The video centered around how Petrov had considered herself a Democrat like most people her age. She was neck-deep in leftism, especially in her university where radical leftist politics was being shoved down her throat at all times, even in classes that had nothing to do with socio-political matters. She couldn’t get through a math class without it being woke.

Soon, Petrov found herself unable to continue identifying with the left and as her video states, she left it. This includes her university which had sunk so far into wokeness that it stopped being a place of learning.



One of the interesting things Petrov brings up in her video is the fact that, prior to her realization, she was under the impression that very few people in this nation were actually conservative. She was led to believe that it was a small, almost cult-like group of racists and bigots, due in large part to the way social media algorithms work.

Because she was surrounded constantly by mainstream content, she was under the impression that leftism was the most dominant political ideology in America, as the more she engaged in it the more it was recommended to her by social media.

She had a moment of awakening when the documentary “The Social Dilemma” pointed out that social media algorithms feed political division. It didn’t help that some of her friends were drifting more and more to the left and spouting talking points and attitudes from groups like Black Lives Matter.

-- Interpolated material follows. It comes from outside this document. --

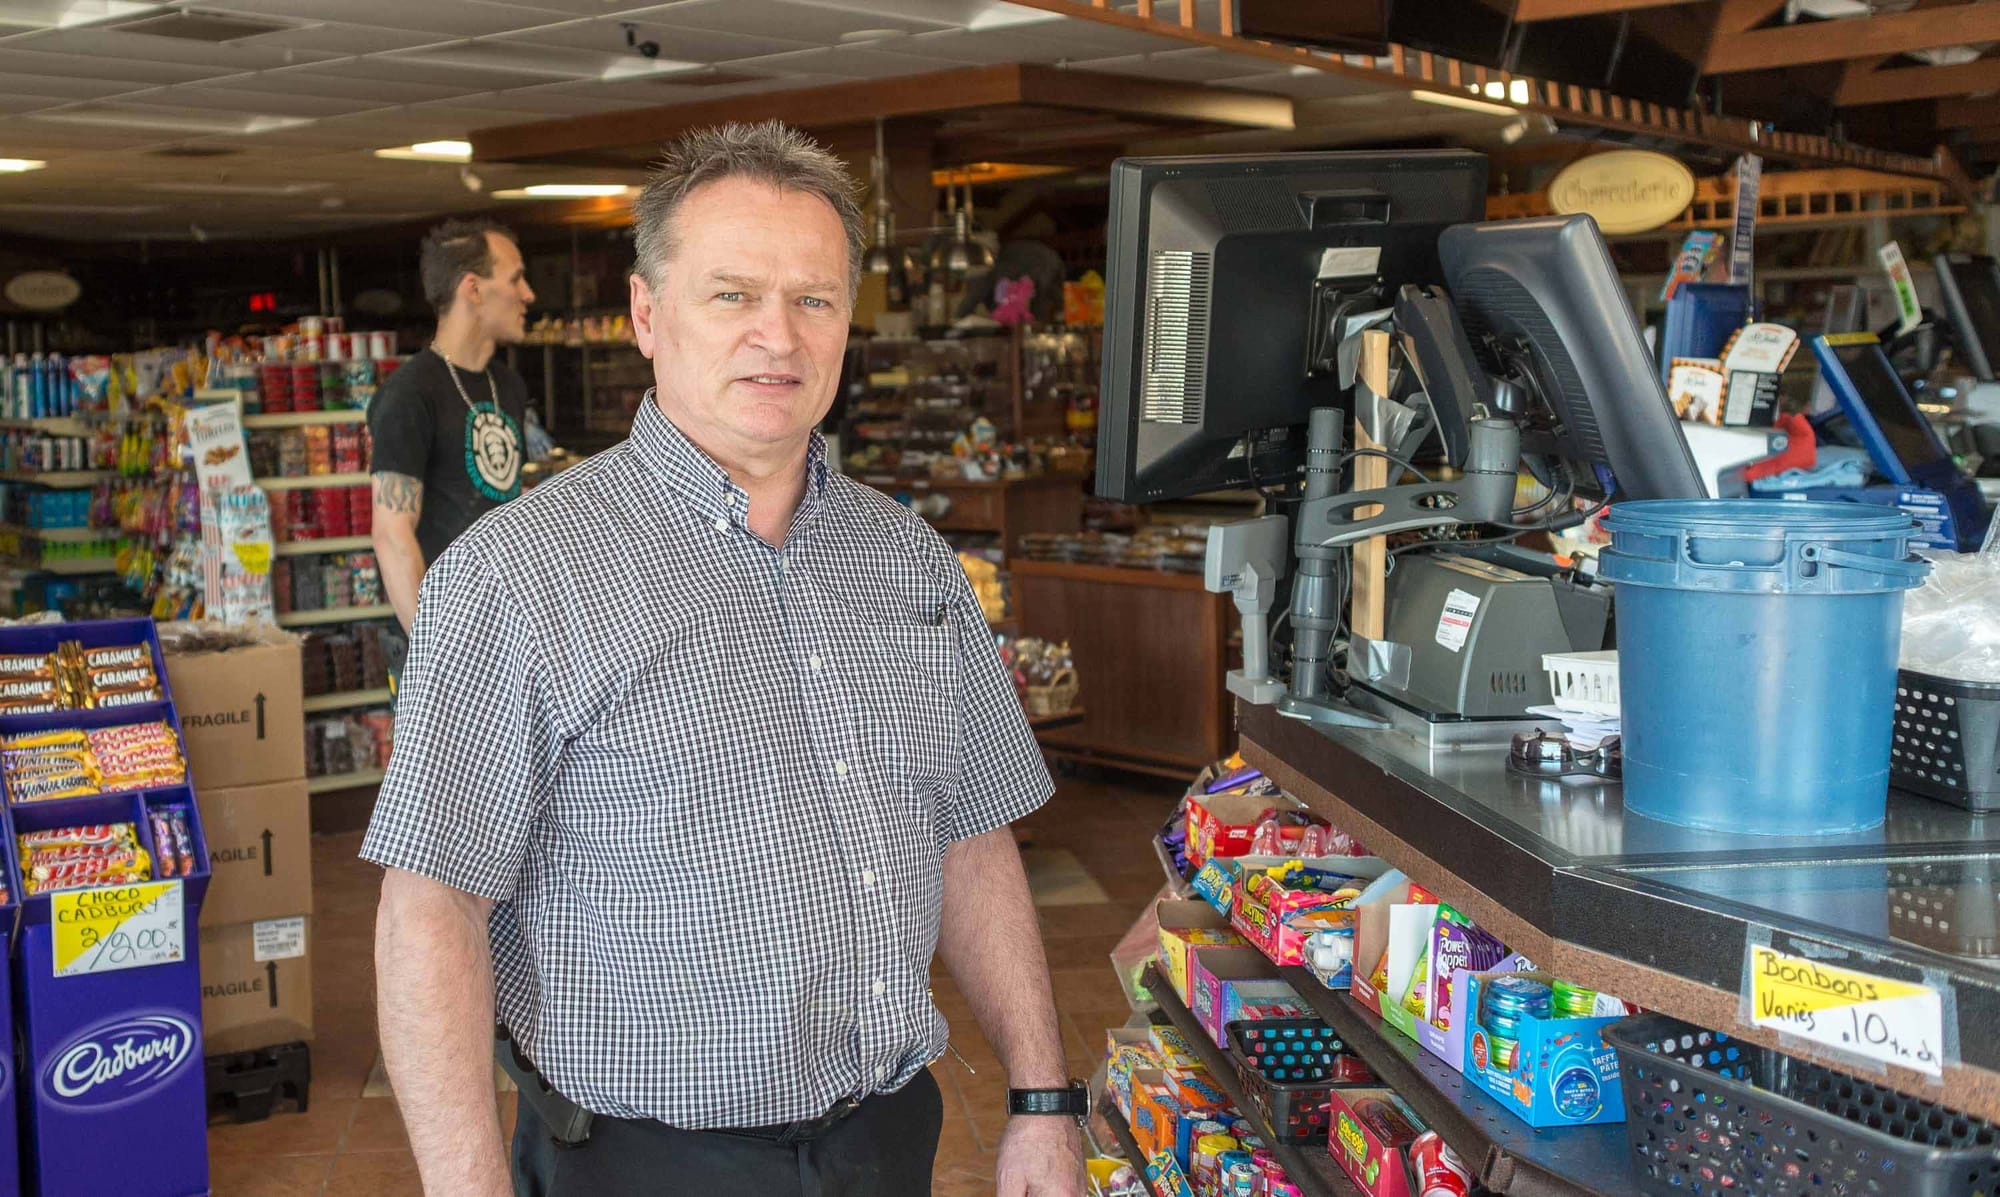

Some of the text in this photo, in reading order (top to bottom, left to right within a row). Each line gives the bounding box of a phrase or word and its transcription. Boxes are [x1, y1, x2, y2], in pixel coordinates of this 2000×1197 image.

Petrov said she posted the clip from the documentary to her socials and not much later, received a handful of text messages from her friends asking why she posted it and if she’s a Trump supporter now.

“They were ready to attack me,” said Petrov.

“They were proving my point,” she continued. “I can’t really post or say anything without people getting defensive or offended, and it really made me miss the days when we could all say ‘oh, let’s agree to disagree.'”

Petrov would be pushed further away from the left as her university descended into madness. Men would walk into women’s restrooms under the claim they were trans but would put no effort into looking like a woman at all, and assignments from professors would focus on identity politics and trigger warnings. Soon, Petrov would walk away from the hypocrisy and infantilization she was being forced to embrace.

Petrov’s tale exposes a very interesting flaw in our society, and it’s a flaw that works in favor of the left. More specifically, the radical left.

For those who have never seen “The Social Dilemma,” I recommend you go see it as soon as possible. It exposes some very shocking things about how social media platforms and the people behind them have far more control of your mind than you might actually think, especially if you tend to engage in social media often.

Algorithms are primarily geared toward keeping you hooked and engaging. If you don’t turn notifications off on your phone, for instance, your social app will bump you at various points in the day where it learned that you’re the most susceptible to looking at it. If you’re susceptible to political posts that gear more toward conservative/libertarian ways of thinking, you’ll be fed that more often, making you want to engage and interact with the site even more.

This continuous feed of right-leaning information feeds right-leaning thought. The same is happening to people on the left, the only difference is that the left’s reliance on sensationalism and identity politics puts leftists into the mindset that they truly are up against real evil.

The young are especially susceptible to this since they have no true real-world experience to understand that sensationalism is all an act. It doesn’t help that this is being reinforced by professors and teachers in schools and universities. It should surprise no one that we have a young population in America that is so highly offended, infantilized, and ready to fight anyone who merely suggests even talking it out.

Being young in America and separating yourself from the left actually takes some bravery.

All in all, the left is being lied to in general. Many act the way they do, not because they themselves are evil, but because they don’t know any better. They need help, and there are many fronts we need to battle the left over if we’re to free these mental and emotional prisoners.